┌────────

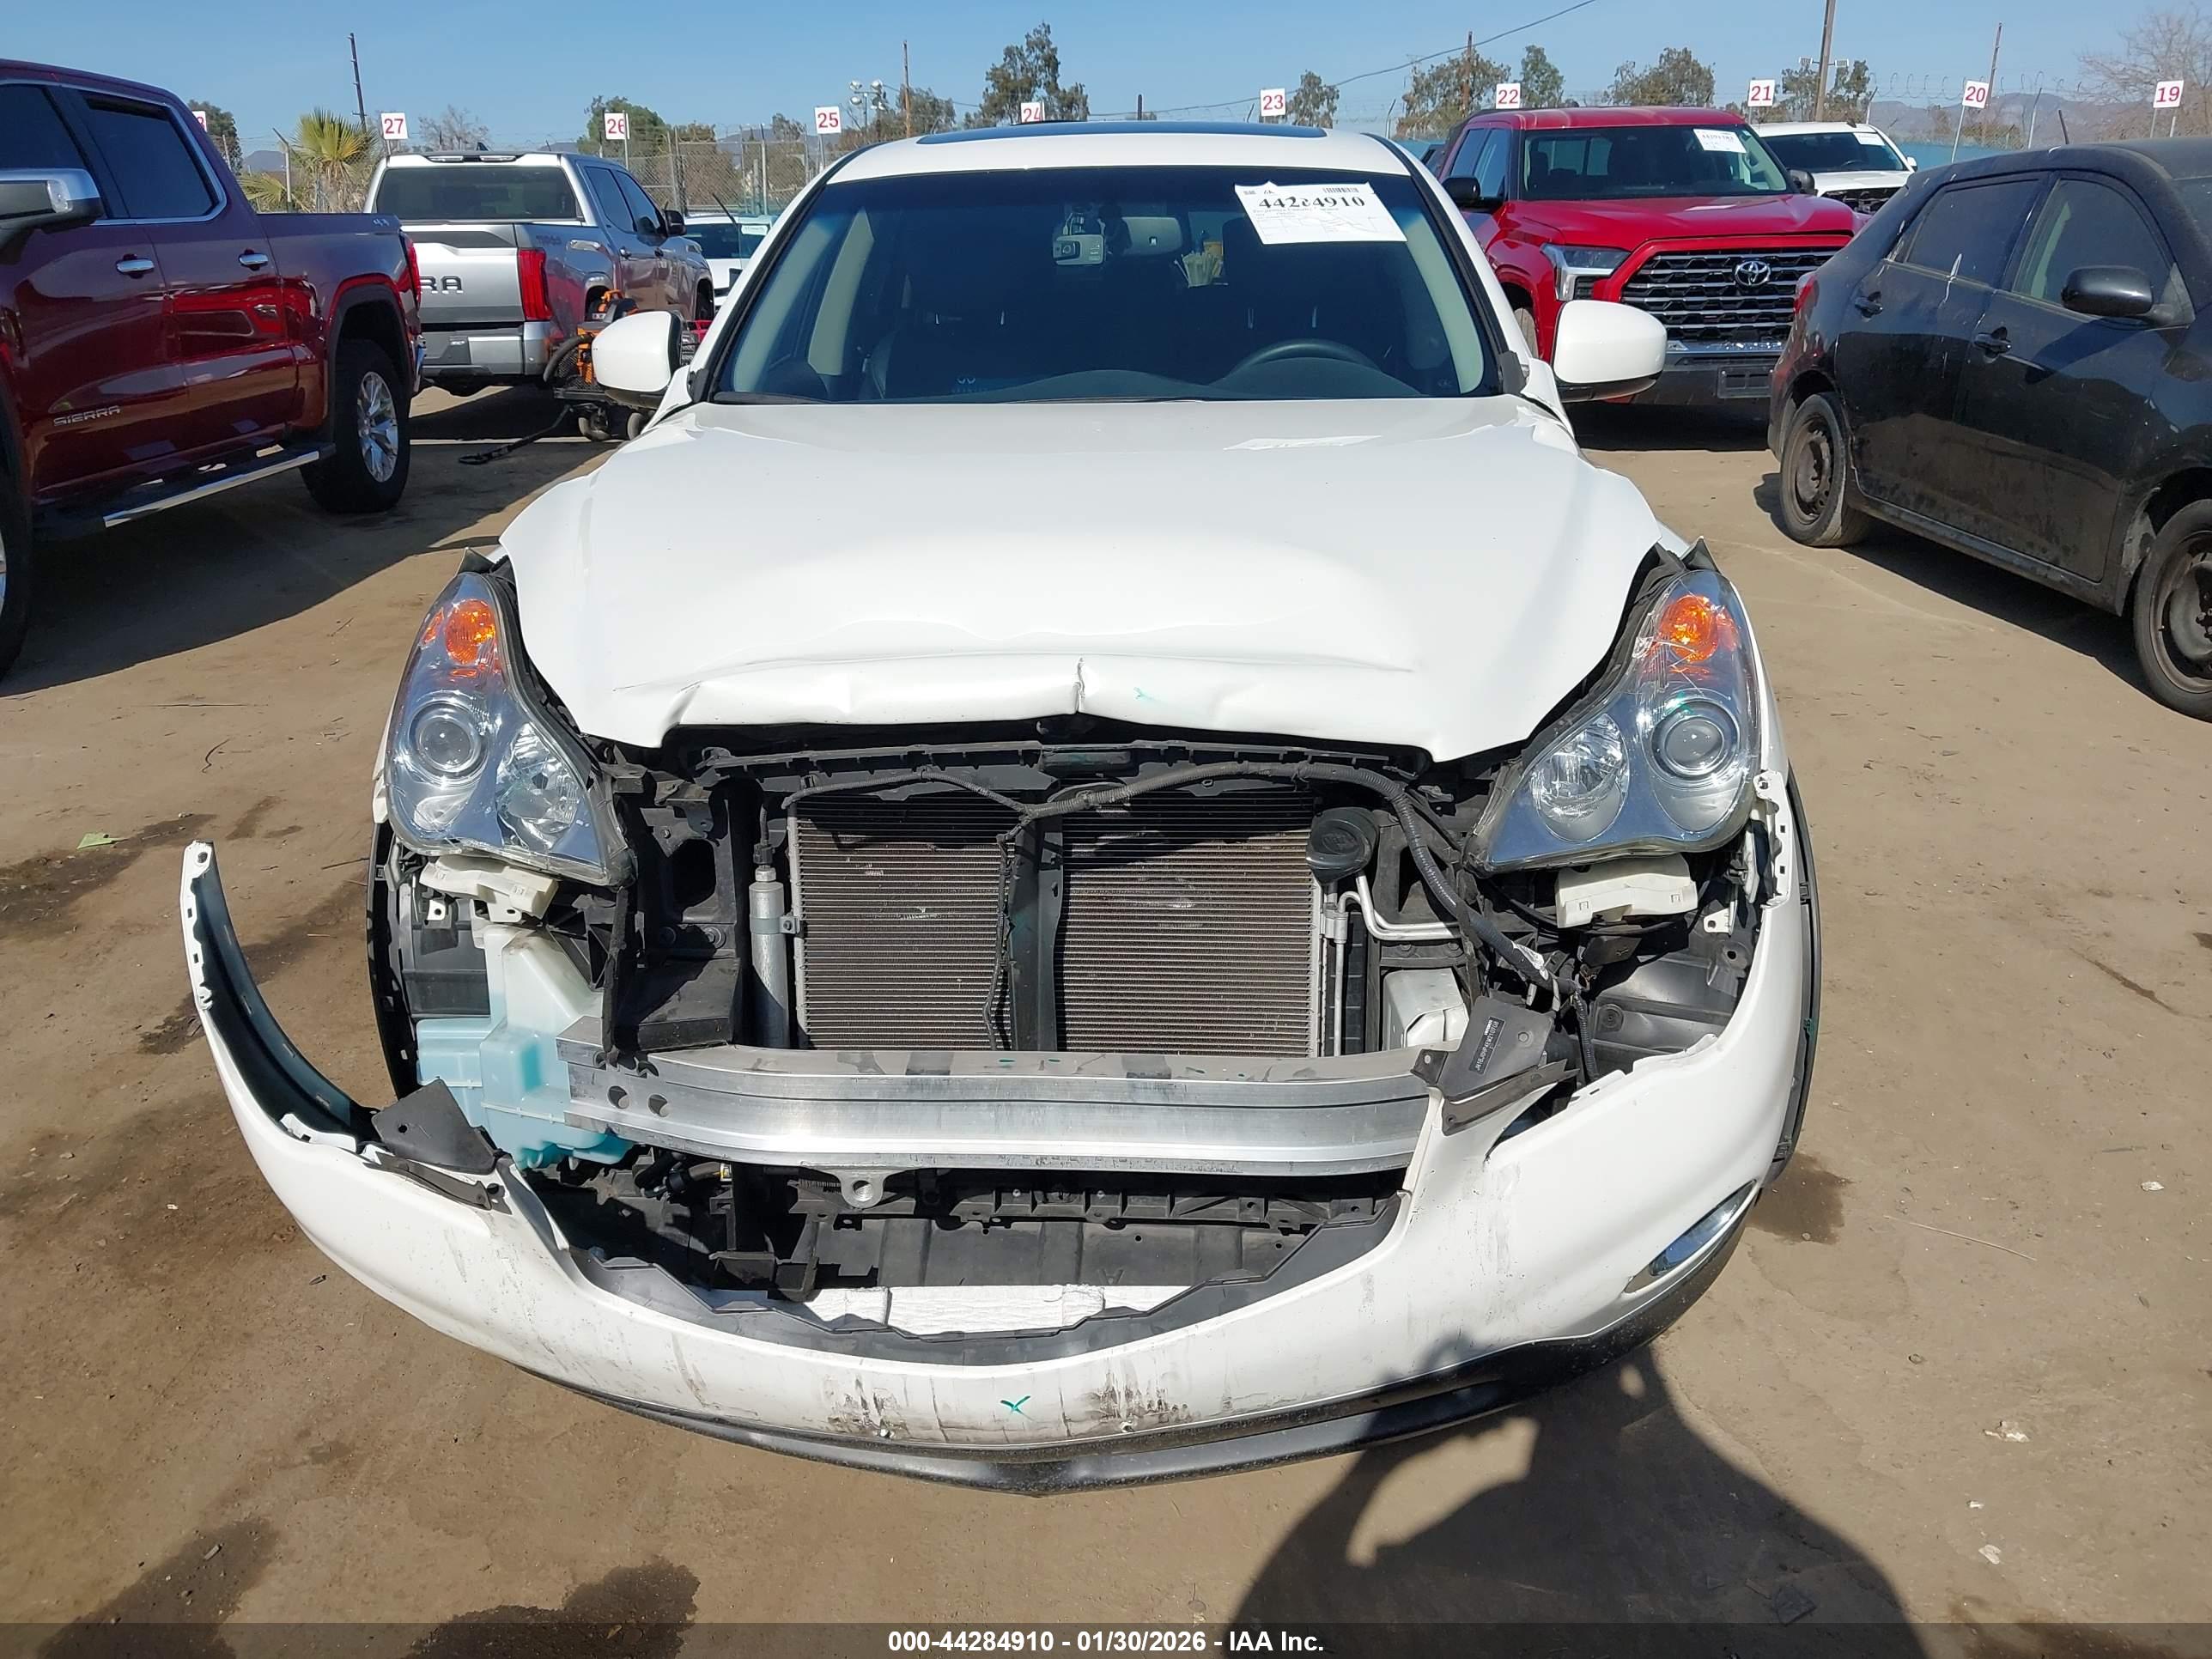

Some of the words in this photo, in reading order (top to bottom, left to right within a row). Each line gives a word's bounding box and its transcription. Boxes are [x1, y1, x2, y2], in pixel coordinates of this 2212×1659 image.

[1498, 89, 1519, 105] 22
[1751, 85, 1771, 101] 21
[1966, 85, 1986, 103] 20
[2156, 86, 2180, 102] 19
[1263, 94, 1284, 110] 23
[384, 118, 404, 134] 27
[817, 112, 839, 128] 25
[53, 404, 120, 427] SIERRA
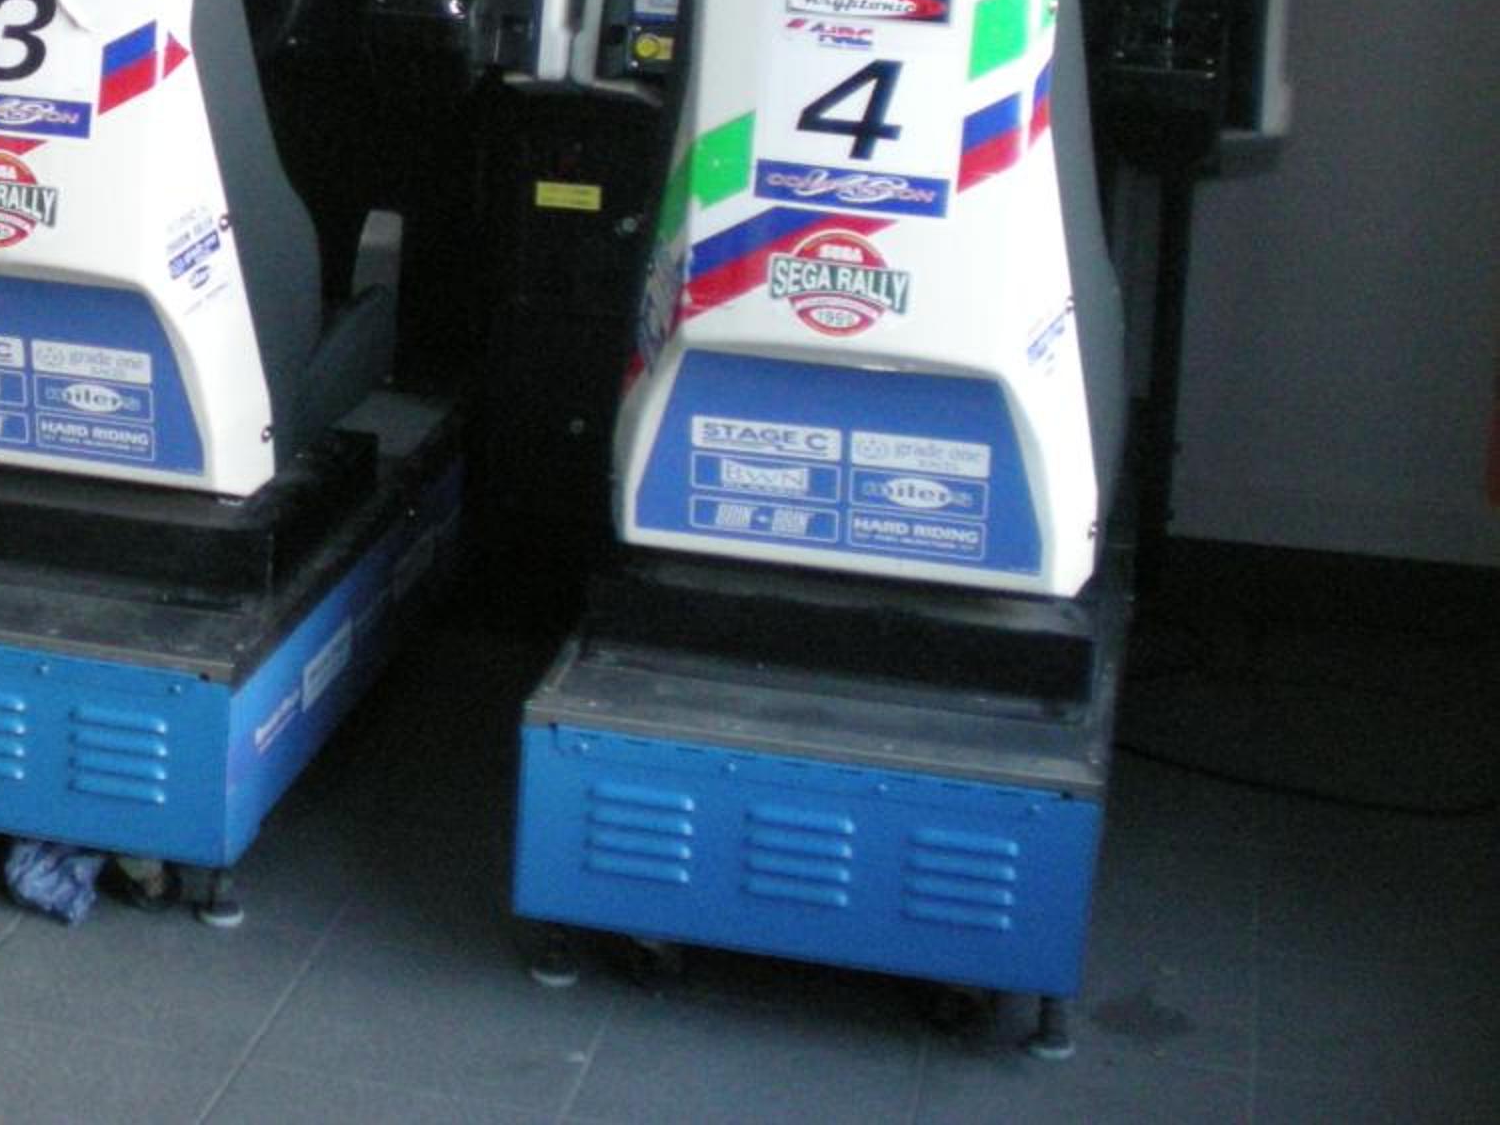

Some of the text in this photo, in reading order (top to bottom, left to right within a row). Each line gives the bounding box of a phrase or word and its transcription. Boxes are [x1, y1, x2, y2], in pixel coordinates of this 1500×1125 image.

└────────

Work to complete:
A faithful, complete copy of the entries is required, without the pictures.

Solved problem:
Some of the words in this photo, in reading order (top to bottom, left to right within a row). Each line gives a word's bounding box and its transcription. Boxes are [x1, y1, x2, y2], in pixel coordinates of this 2212×1659 image.

[1498, 89, 1519, 105] 22
[1751, 85, 1771, 101] 21
[1966, 85, 1986, 103] 20
[2156, 86, 2180, 102] 19
[1263, 94, 1284, 110] 23
[384, 118, 404, 134] 27
[817, 112, 839, 128] 25
[53, 404, 120, 427] SIERRA

Some of the text in this photo, in reading order (top to bottom, left to right within a row). Each line gives the bounding box of a phrase or word and its transcription. Boxes are [x1, y1, x2, y2], in pixel coordinates of this 1500×1125 image.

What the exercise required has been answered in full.